### INFORMATION SUPPLIED:
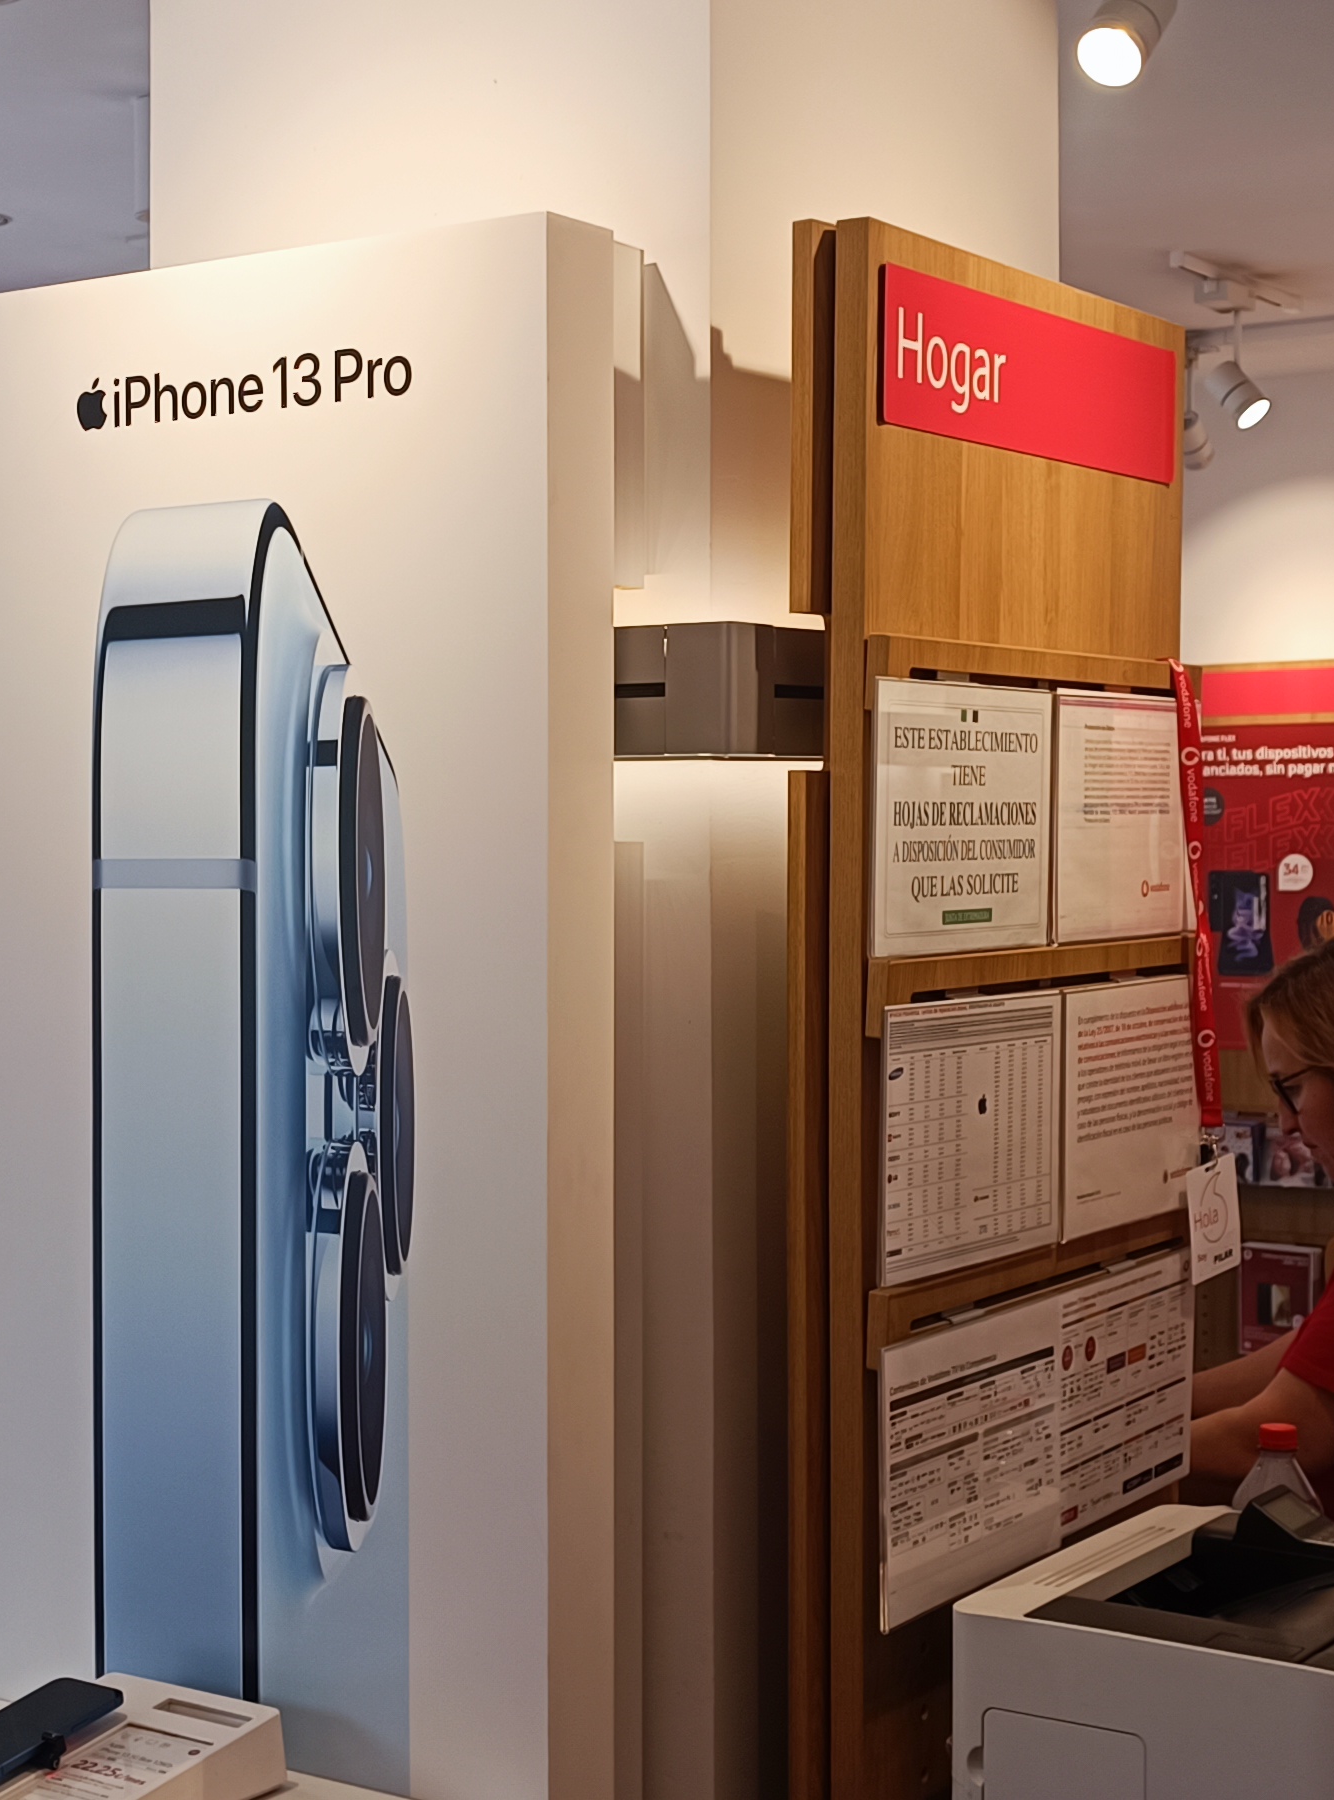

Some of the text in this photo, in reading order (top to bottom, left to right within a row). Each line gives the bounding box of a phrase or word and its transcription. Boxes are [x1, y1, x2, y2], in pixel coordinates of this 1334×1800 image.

[897, 306, 1007, 414] Hogar
[113, 348, 412, 428] iPhone 13 Pro
[1179, 674, 1192, 728] vodafone
[894, 726, 1038, 753] ESTE ESTABLECIMIENTO
[1217, 747, 1230, 761] ti,
[1232, 748, 1253, 760] tus
[1255, 745, 1334, 764] dispositivos
[951, 764, 986, 786] TIENE
[1202, 762, 1263, 777] anciados,
[1266, 762, 1285, 776] sin
[1288, 763, 1324, 778] pagar
[1186, 768, 1198, 822] vodafone
[893, 801, 1037, 829] HOJAS DE RECLAMACIONES
[893, 834, 1036, 863] A DISPOSICIÓN DEL CONSUMIDOR
[911, 873, 1019, 902] QUE LAS SOLICITE
[1197, 959, 1208, 1012] vodafone
[1202, 1050, 1214, 1103] vodafone
[1194, 1206, 1219, 1233] Hola
[1213, 1249, 1234, 1265] PILAR

### WHAT TO WORK ON:
Transcribe every entry word for word, but skip the pictures.

### WORKED SOLUTION:
Some of the text in this photo, in reading order (top to bottom, left to right within a row). Each line gives the bounding box of a phrase or word and its transcription. Boxes are [x1, y1, x2, y2], in pixel coordinates of this 1334×1800 image.

[897, 306, 1007, 414] Hogar
[113, 348, 412, 428] iPhone 13 Pro
[1179, 674, 1192, 728] vodafone
[894, 726, 1038, 753] ESTE ESTABLECIMIENTO
[1217, 747, 1230, 761] ti,
[1232, 748, 1253, 760] tus
[1255, 745, 1334, 764] dispositivos
[951, 764, 986, 786] TIENE
[1202, 762, 1263, 777] anciados,
[1266, 762, 1285, 776] sin
[1288, 763, 1324, 778] pagar
[1186, 768, 1198, 822] vodafone
[893, 801, 1037, 829] HOJAS DE RECLAMACIONES
[893, 834, 1036, 863] A DISPOSICIÓN DEL CONSUMIDOR
[911, 873, 1019, 902] QUE LAS SOLICITE
[1197, 959, 1208, 1012] vodafone
[1202, 1050, 1214, 1103] vodafone
[1194, 1206, 1219, 1233] Hola
[1213, 1249, 1234, 1265] PILAR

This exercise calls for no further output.